Thursday, February 20, 2014

The Theater Lives in the Young

It is (very) early spring and the time of the year when fortunate youth in many high schools are investing their energies in competitive theater. As in many states, the Massachusetts Educational Theater Guild encourages and supports theater with its annual round of competitions. I have been fortunate to have judged festival presentations for many years, and truly have been astonished at many, many of those forty-minute productions.

I'm aware that there is tremendous investment that these students and their teachers carry in creating and presenting their work. As judges, we are kept well away from all that, but see only the final invested expression of all their anguish of creation.

It's no walk-in-the park for judges. We see eight or so, 45-minute productions in a day, and we take every spare minute to try our best to say useful and helpful and encouraging - but artistically and intellectually honest - things about each of the eight or so works we see before us in the long day. We look like 1940s reporters dashing back to our computers (now) to write lots of profound things, rank performers, catch a bathroom break, and be back in our seat with a clear head in twenty minutes. We spend the lunch hour desperately trying to catch up, refining our observations and trying gently to frame some advice. In the 1980s we wrote in longhand with one or two carbons. The writing room held three really intensely focused judges, often around the same table. Electric typewriters were made available in the late 1990s and some judges brought their own portables, but many judges continued to longhand the responses. Today we have a computer station and a prescribed template to fill in our thoughts. It's faster and more efficient, with a chance to write more. Our assignment also is more refined with expectations for observations on particular points.

Only after the awards ceremony are the judges available to directors when they pick up the written critiques for their school. But there's not much basis for conversation. It's been a long day for everybody.

The circumstances of the festival are very measured and obsessively observed. There are strict rules about time limits and run length, and the strike and setup times in the swing between performances. All of the students remain captive for the day and must be counted in the school's section of the theater before each of the performances and activities.

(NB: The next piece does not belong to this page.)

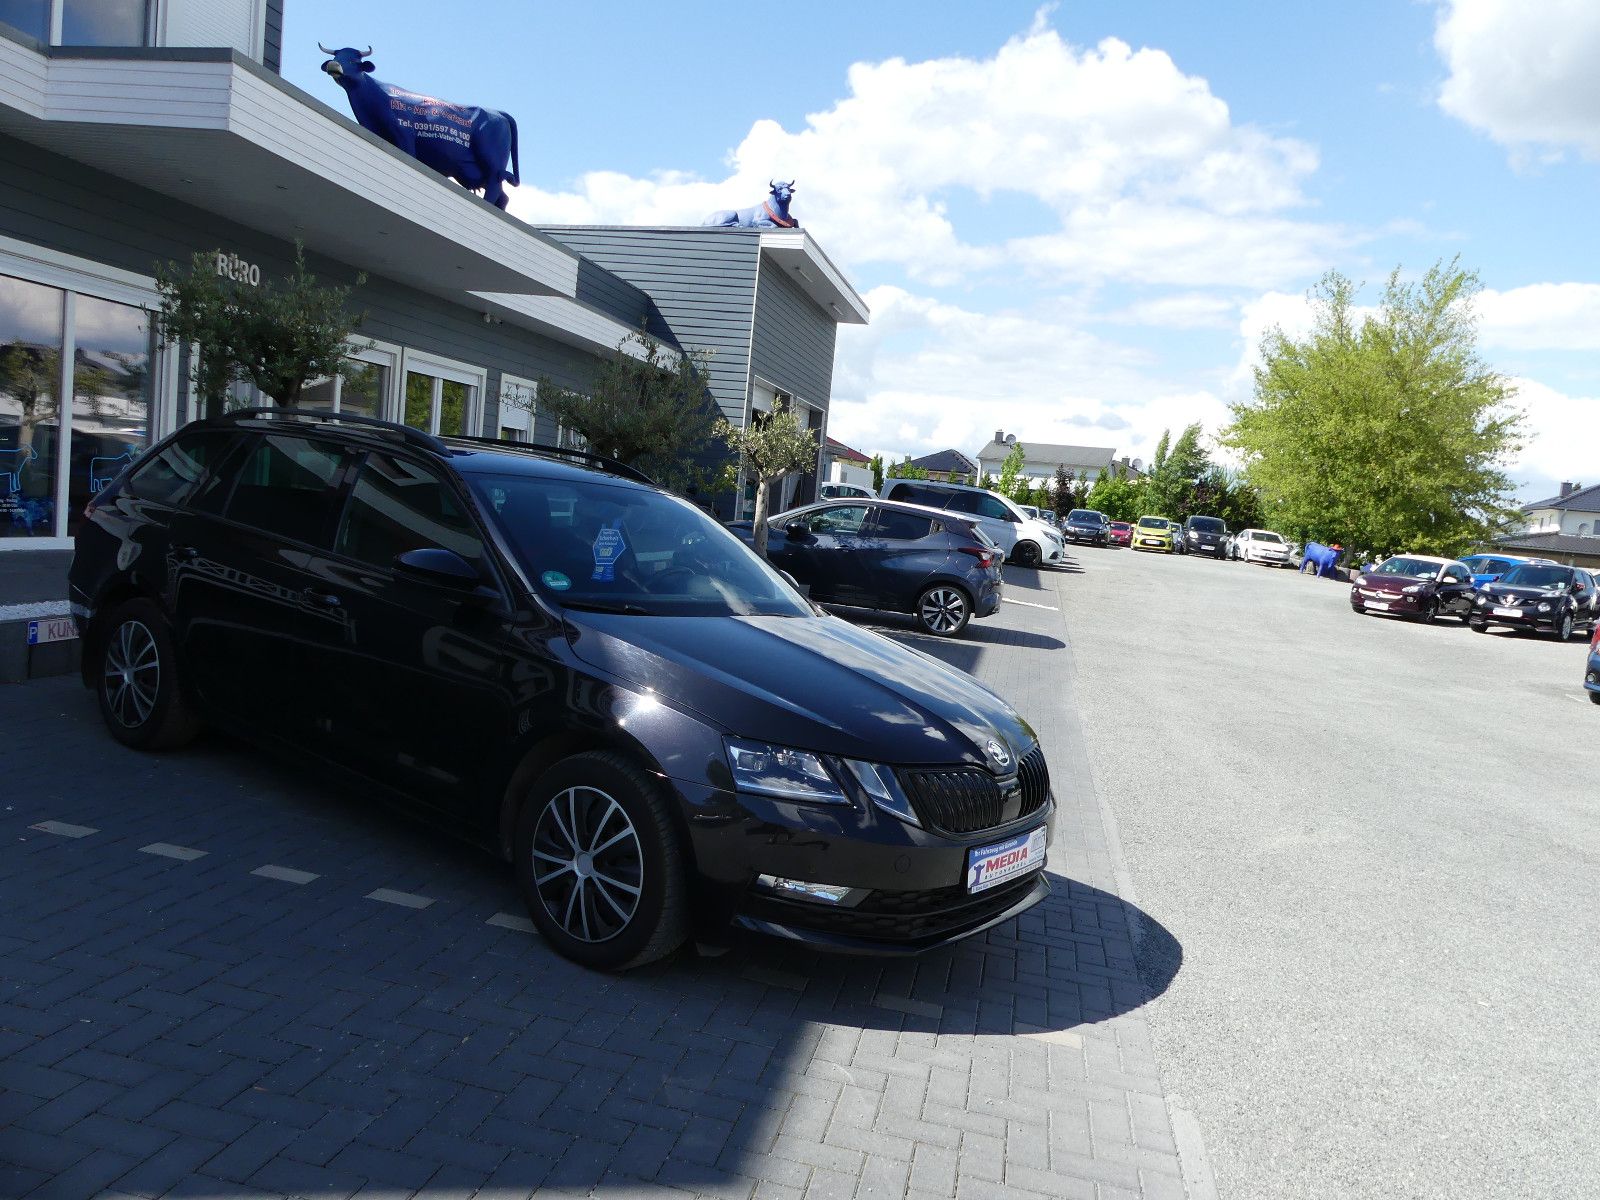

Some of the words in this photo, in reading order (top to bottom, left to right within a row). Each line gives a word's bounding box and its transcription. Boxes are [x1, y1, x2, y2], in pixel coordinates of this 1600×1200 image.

[398, 118, 412, 128] Tel.
[414, 122, 448, 133] 0391/597
[48, 620, 78, 640] KUN
[985, 847, 1028, 873] MEDIA

The organization requires that new and past judges attend a development workshop each February. Part social and part useful, the meeting is to review the rules and changes, discuss goals, share approaches and receive a pep talk. While I found it annoying to give up an additional Saturday (for which we were paid), I had to admit their value.

I have been fortunate to judge the festival in all its three rounds of elimination. My preference has been for the initial round, when I feel that my comments will be most considered, both by those who move on and by those who don't. At the intermediate level, only the winner moves on, and the rest have heard all they care to. Both are one-Saturday commitments. The final state round is a four-day affair, held in Hancock Hall in Boston, and judges are sequestered incommunicado in a Boston hotel for three nights, ushered everywhere by handlers. Throughout the festival at all levels there is real investment in keeping the judges away from all participants until the awards are given at the end of the day.

All of the performances I saw at state level were interesting, challenging, first-rate works of theater. The critique there is much different. Since all of the performances are excellent, the response is not about the principles, but more about imagination and commitment to sophisticated choices, deftness in the refinement and execution, and ability to astonish. And ultimately, why this one is better than that.

It's been a real pleasure for me over the years to see and critique these festivals. I've seen much theater that is exciting, imaginative, and very adept. But most importantly, in every case I've seen young people really invested in craft and collaboration, creating something artful together.